Miss Lesley dwarrelt rond. Haar ogen schieten vuur. 'Dat zeg je elke keer. Ik geloof dat liegen nog steeds als een zonde in je religie en in de mijne wordt beschouwd, mijnheer . De manier waarop ze meneer in het Frans zegt, maakt het vies en Frans Johnny krimpt bijna alsof hij is geslagen met de liniaal. "Het werk loopt nooit los."

In de zomer, wanneer de rivier zakt, doet hij dat wel, "zegt Frans Johnny. Maar we weten allemaal dat het saai is. Dat zal hem nergens met Miss Lesley brengen.

"Heb je papieren voor hem?" zij vraagt. 'U kent de wet, nietwaar, mijnheer ? Geen kinderen jonger dan vijftien jaar terwijl de school bezig is? Waar zijn zijn papieren?' Ze kijkt hem nu vol aan. 'Neem me niet voor de gek, meneer .'

Dat vuile woord weer. De liniaal staat op, wijst naar zijn buik.

" Het werk zal nooit verslappen ." Ze doet een stap in zijn richting.

Frans Johnny houdt stand, maar houdt haar in de gaten.

"Arthur Trottier is mijn beste student. Hij zou ooit een leraar of een manager of zelfs een advocaat kunnen zijn. Zolang je hem maar verlaat. Omdat we allebei weten dat de enige manier waarop hij ooit naar deze school zal komen is wanneer je machine spuugt hem eruit. Zoals Thomas daar. '

Zonder zich om te draaien of zelfs maar achterom te kijken, beweegt ze de liniaal rond totdat deze naar Thomas Donahue wijst, de grootste jongen in de klas, die zichzelf op de achterste rij probeert te verbergen.

Alle hoofden zwaaien met de liniaal alsof we zelf geen macht hebben om te beslissen waar onze ogen moeten gaan.

Vorige zomer hield Thomas zich voor de gek toen ze een groot nieuw draaiend frame de kamer in brachten. Hij gleed het vet in en de versnellingsbak raakte recht over zijn blote voet. Tegen de tijd dat ze hem van zich af trokken, was het kwaad al geschied.

Thomas bracht drie maanden thuis door. Zijn voet genas helemaal scheef en hij loopt er nu aan de kant van. Zorgt ervoor dat hij ver naar voren leunt om te lopen en hij valt veel. Geen nut meer voor hem bij de molen.

Hij haat school. Ik hoor hem praten over weglopen, maar dat zou heel hard zijn met een voet die rond zichzelf krult als een varen die in het voorjaar uitkomt.

Nu besluit de Franse Johnny dat hij gaat doen alsof Miss Lesley er niet is. Ze hebben dit allemaal eerder meegemaakt.
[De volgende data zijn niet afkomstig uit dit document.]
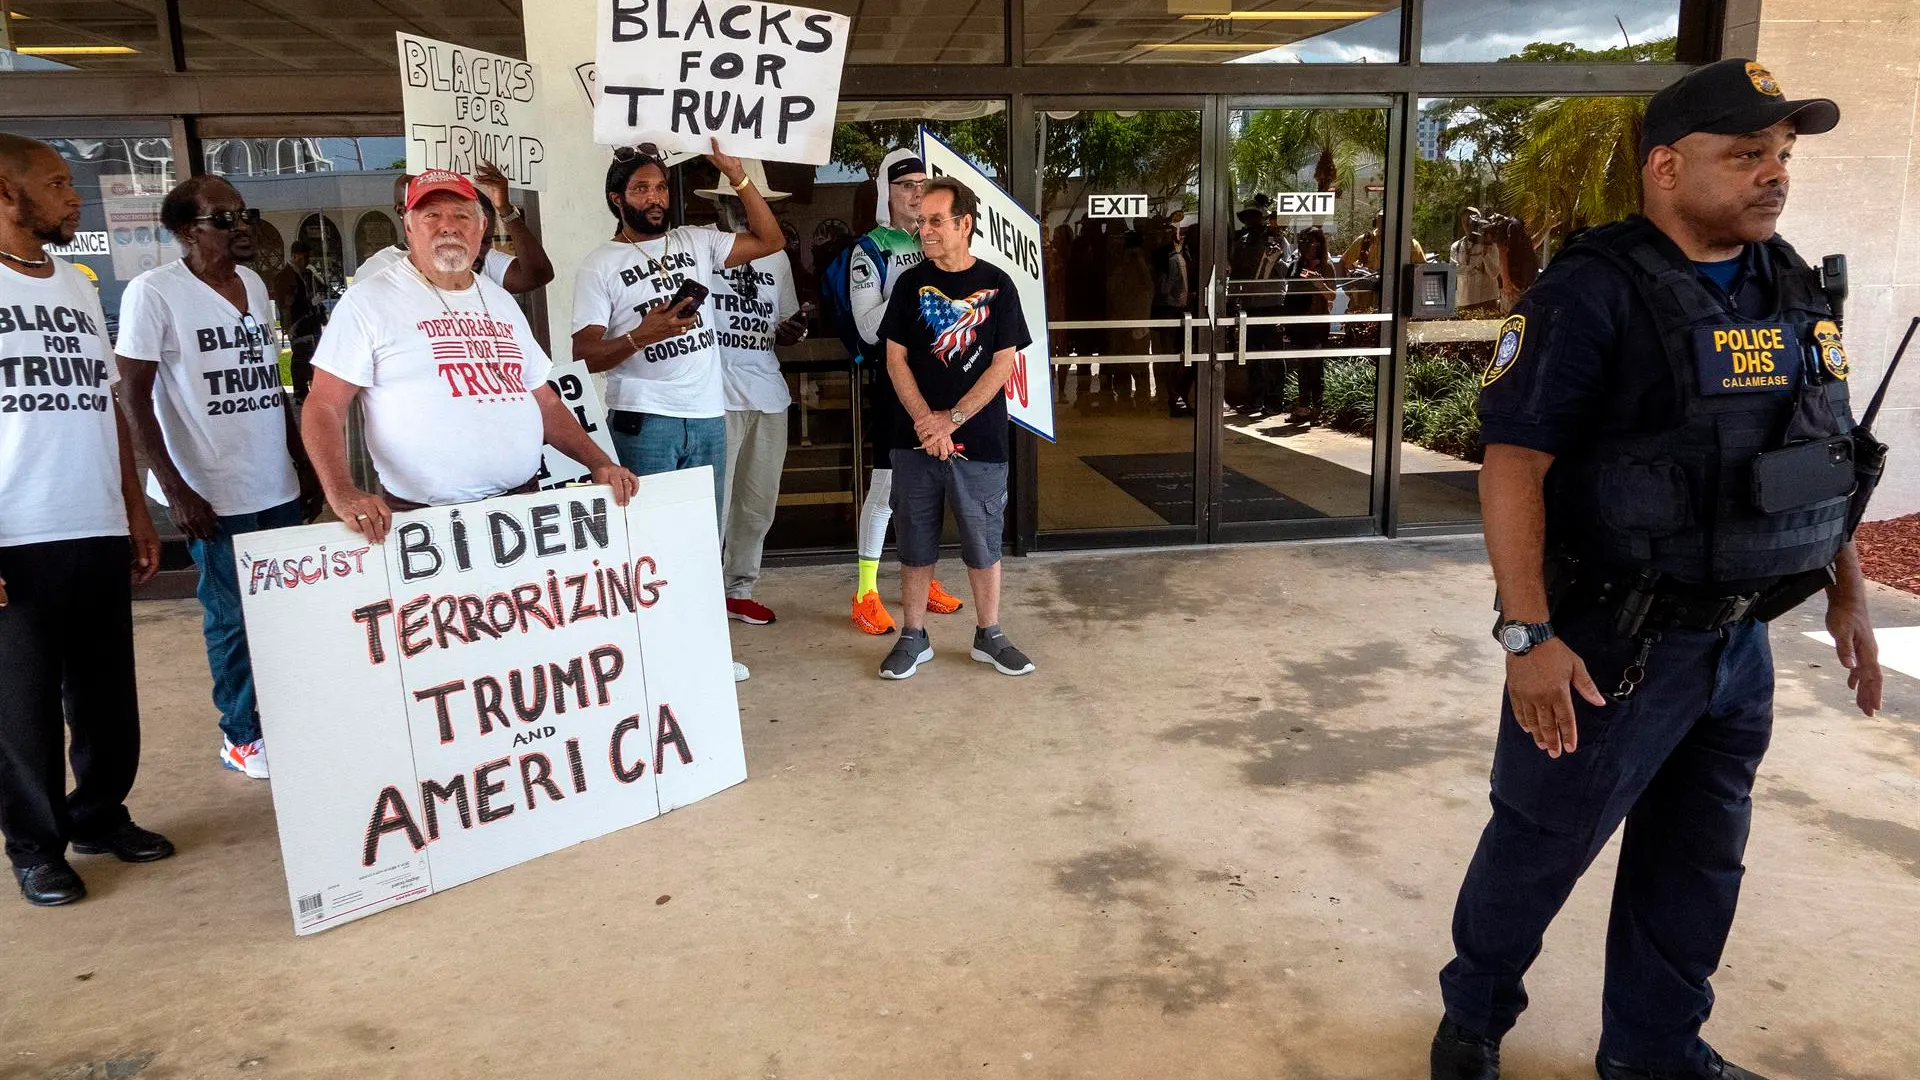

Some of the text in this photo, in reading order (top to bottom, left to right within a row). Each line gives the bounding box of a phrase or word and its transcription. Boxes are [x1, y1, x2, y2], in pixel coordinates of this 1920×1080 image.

[611, 0, 833, 53] BLACKS
[404, 40, 535, 102] BLACKS
[680, 50, 786, 89] FOR
[455, 97, 508, 126] FOR
[604, 86, 815, 144] TRUMP
[412, 124, 544, 184] TRUMP
[1090, 197, 1146, 216] EXIT
[1279, 195, 1333, 213] EXIT
[989, 206, 1039, 280] NEWS
[620, 252, 696, 287] BLACKS
[651, 272, 686, 293] FOR
[712, 293, 773, 318] TRUMP
[729, 316, 769, 334] 2020
[1501, 320, 1523, 337] POLICE
[43, 335, 81, 353] FOR
[465, 341, 495, 359] FOR
[1714, 328, 1785, 352] POLICE
[1732, 351, 1775, 373] DHS
[438, 363, 527, 397] TRUMP
[1722, 376, 1789, 388] CALAMEASE
[207, 392, 283, 415] 2020.CO
[412, 643, 624, 744] TRUMP
[512, 724, 556, 748] AND
[361, 703, 694, 867] AMERICA
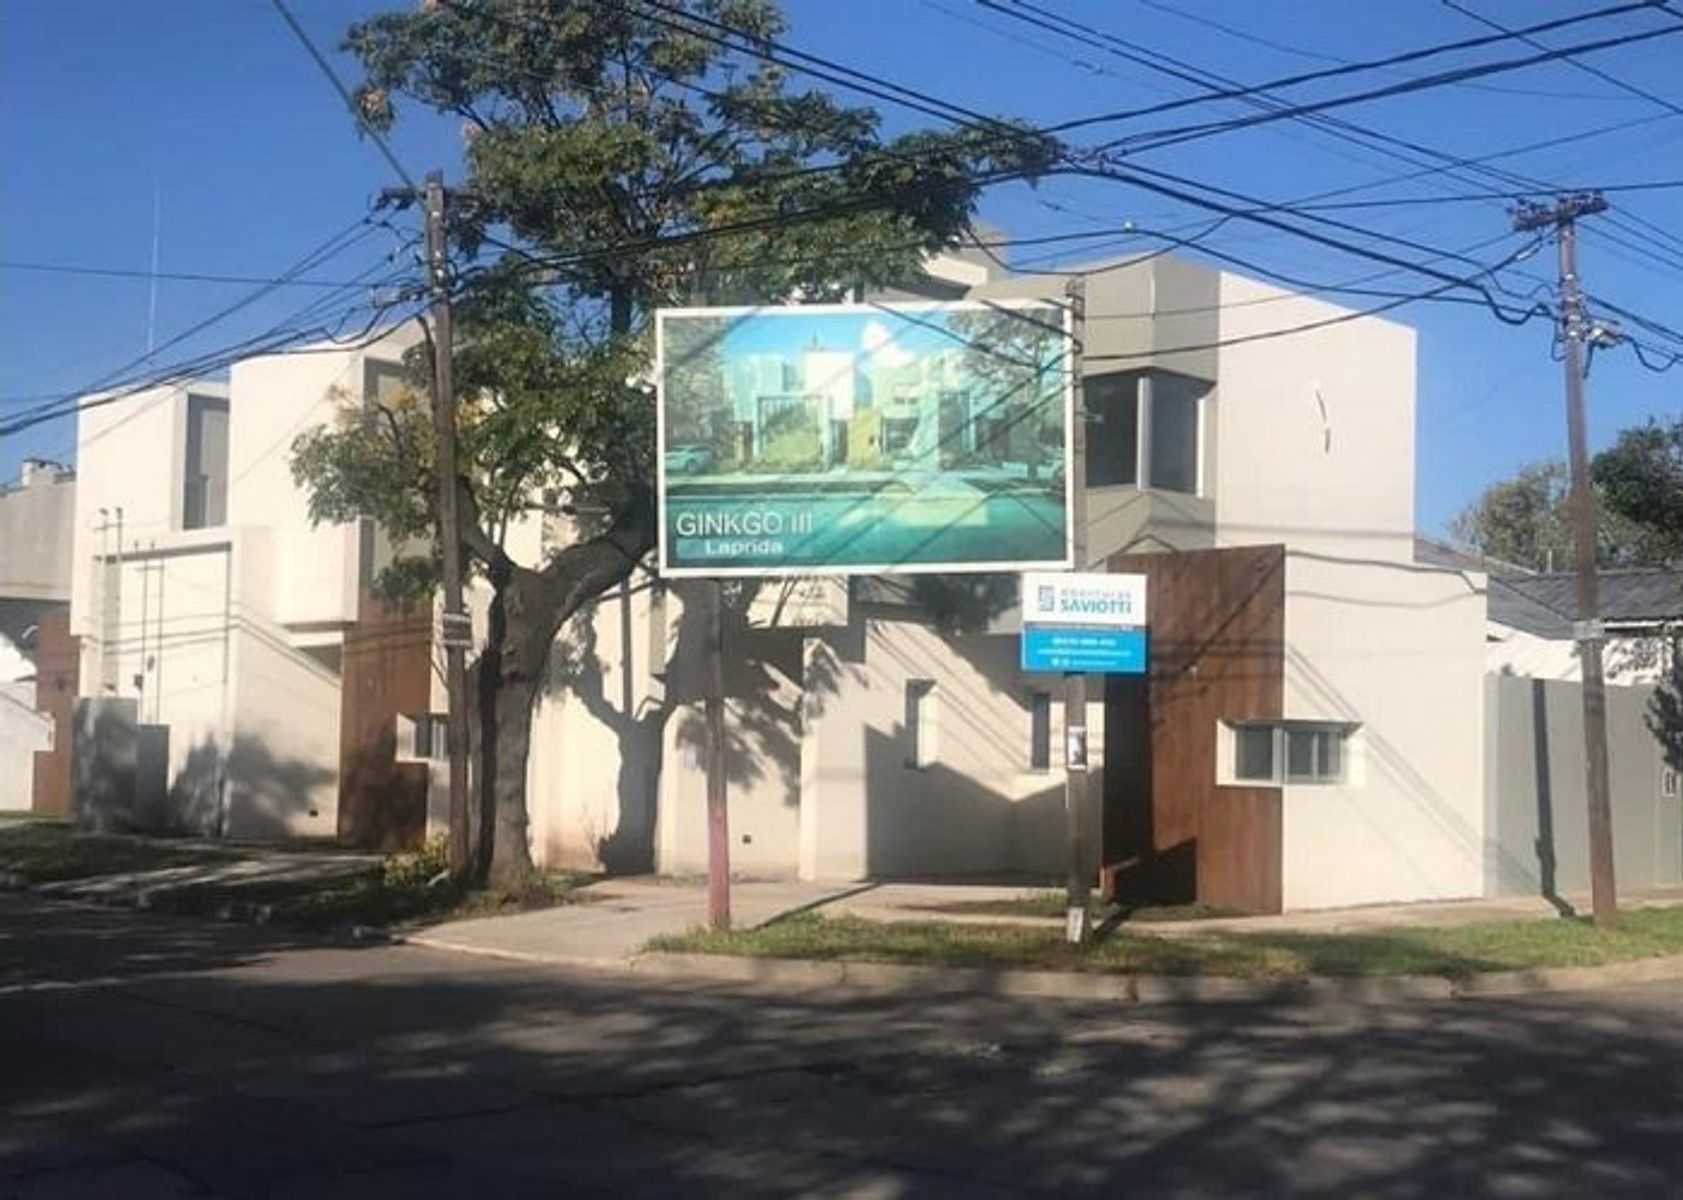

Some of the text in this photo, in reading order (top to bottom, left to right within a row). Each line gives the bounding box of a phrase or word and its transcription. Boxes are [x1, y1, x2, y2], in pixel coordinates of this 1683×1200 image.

[676, 511, 783, 536] GINKGO
[705, 540, 783, 556] Laprida
[1060, 599, 1132, 613] SAVIOTTI
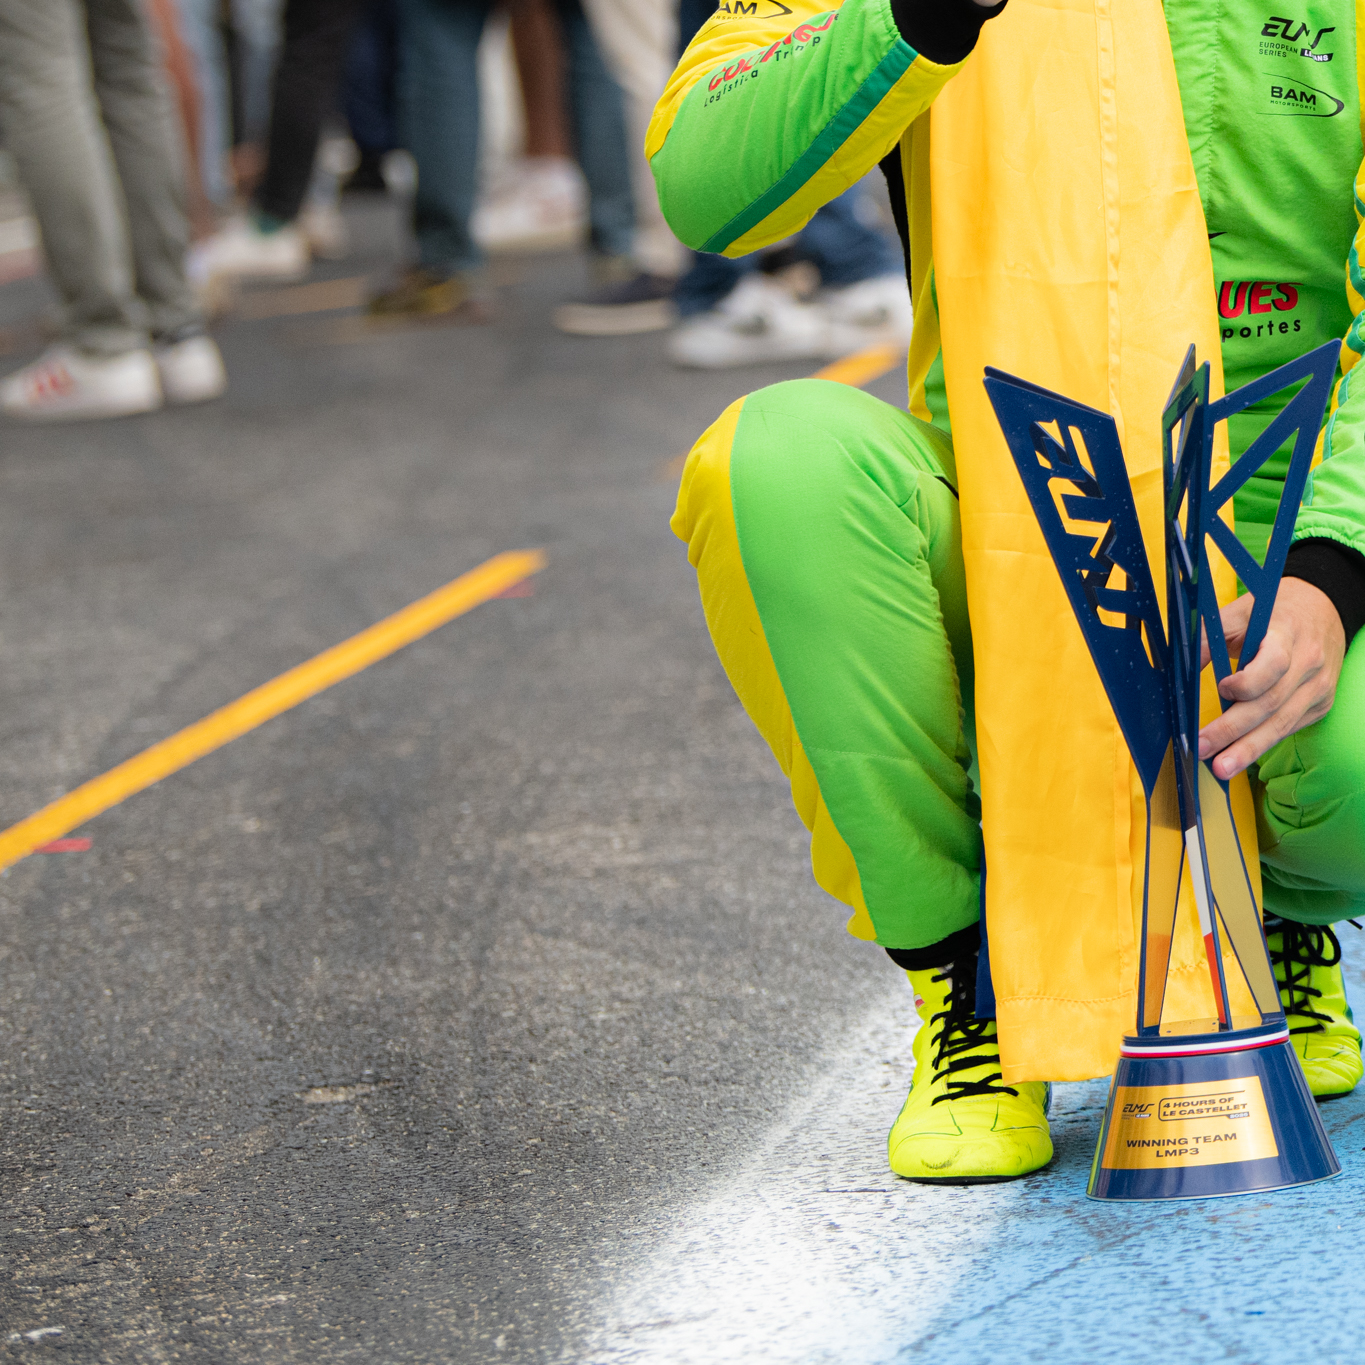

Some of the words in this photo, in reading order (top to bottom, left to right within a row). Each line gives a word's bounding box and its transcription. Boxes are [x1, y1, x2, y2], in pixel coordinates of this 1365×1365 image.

[1259, 42, 1298, 54] EUROPEAN
[1259, 49, 1287, 57] SERIES
[1271, 86, 1316, 105] BAM
[1270, 100, 1316, 111] MOTORSPORTS
[1123, 1104, 1155, 1113] ELMS
[1173, 1099, 1216, 1108] HOURS
[1178, 1103, 1247, 1115] CASTELLET
[1126, 1138, 1188, 1148] WINNING
[1192, 1133, 1237, 1144] TEAM
[1156, 1148, 1199, 1157] LMP3
Telkens wanneer de opzichter hem de heuvel op stuurt om een ​​ander kind te verzamelen, doet juffrouw Lesley alsof een van haar armen wordt afgehakt.

"Laten we gaan, jongen, " zegt hij.

'Arthur, jij blijft daar, ' zegt ze, zonder Frans Johnny in de gaten te houden.

Arthur is teruggegaan naar het lezen van ons boek. Hij denkt, misschien als ik doe alsof dit niet gebeurt, dan is het niet. Ik weet dat hij op school wil blijven. Hij is niet zoals ik of de andere jongens. Dougie telt de dagen en smeekt zijn vader om hem de heuvel af te sturen, ook al is hij pas negen. Ik wil ook gaan vanwege het geld dat ik kan verdienen. Sinds mijn vader vier jaar geleden ziek werd, liepen we achter op de rekeningen van de winkel.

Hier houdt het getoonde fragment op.